Forecasting with Historical Data or Process Knowledge under Misspecification: A Comparison
Luke Bornn, Marian Anghel, Ingo Steinwart

TL;DR
This paper compares forecasting methods based on historical data versus process knowledge, showing that data-driven approaches often outperform knowledge-based ones under model misspecification, especially in complex systems.
Contribution
It provides a comprehensive simulation analysis demonstrating when historical data-based forecasting surpasses process knowledge methods under misspecification.
Findings
Forecasting with historical data is preferable under certain misspecification conditions.
Process knowledge-based forecasting can fail in highly nonlinear or chaotic systems.

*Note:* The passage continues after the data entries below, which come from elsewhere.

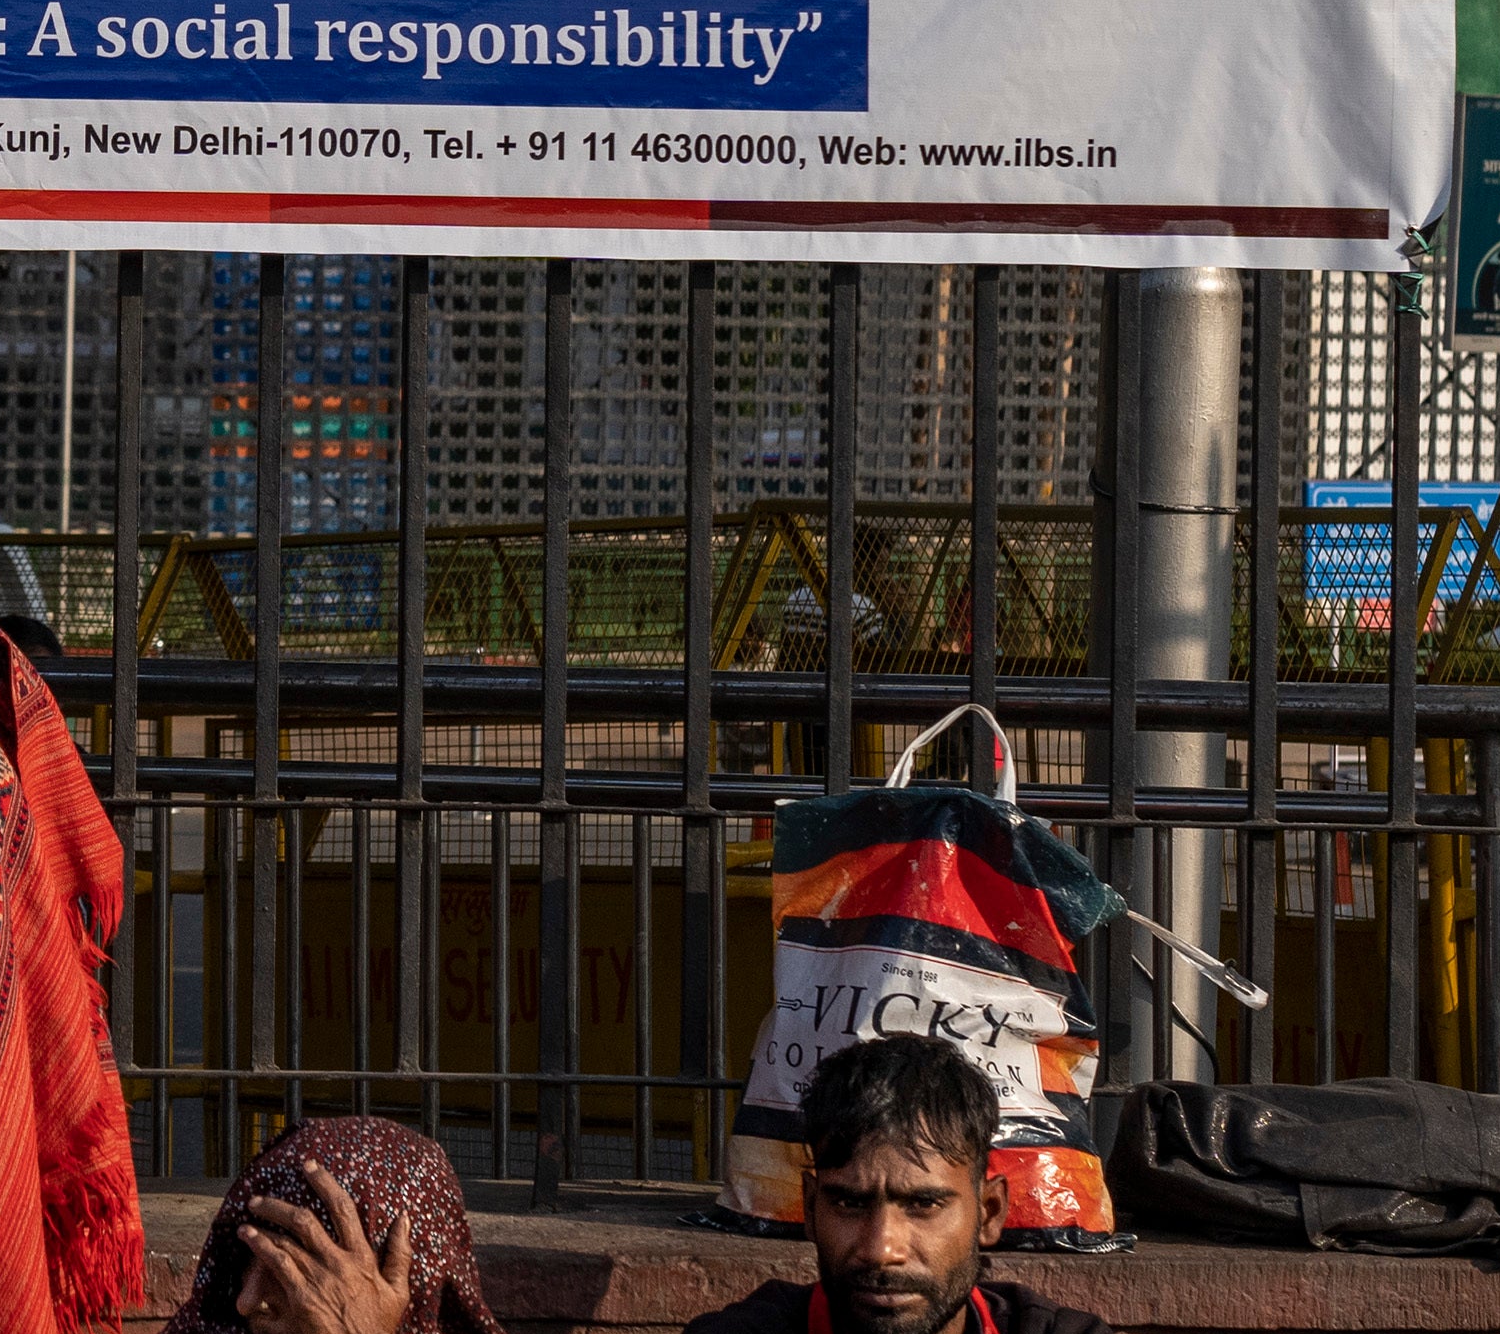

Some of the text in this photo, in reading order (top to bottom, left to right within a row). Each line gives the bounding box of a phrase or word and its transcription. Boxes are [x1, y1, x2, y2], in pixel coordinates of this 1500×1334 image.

[29, 1, 78, 58] A
[97, 3, 294, 61] social
[315, 10, 824, 86] responsibility”
[85, 124, 163, 156] New
[174, 125, 413, 166] Delhi-110070,
[424, 130, 486, 162] Tel.
[497, 135, 518, 157] +
[529, 132, 567, 162] 91
[583, 134, 617, 163] 11
[631, 135, 808, 171] 46300000,
[819, 139, 910, 168] Web:
[919, 142, 1118, 171] www.ilbs.in
[880, 962, 939, 984] Since 1998
[813, 984, 1013, 1049] VICKY

Simulation results clarify scenarios favoring data-driven over knowledge-based forecasting.
Abstract
When faced with the task of forecasting a dynamic system, practitioners often have available historical data, knowledge of the system, or a combination of both. While intuition dictates that perfect knowledge of the system should in theory yield perfect forecasting, often knowledge of the system is only partially known, known up to parameters, or known incorrectly. In contrast, forecasting using previous data without any process knowledge might result in accurate prediction for simple systems, but will fail for highly nonlinear and chaotic systems. In this paper, the authors demonstrate how even in chaotic systems, forecasting with historical data is preferable to using process knowledge if this knowledge exhibits certain forms of misspecification. Through an extensive simulation study, a range of misspecification and forecasting scenarios are examined with the goal of gaining an…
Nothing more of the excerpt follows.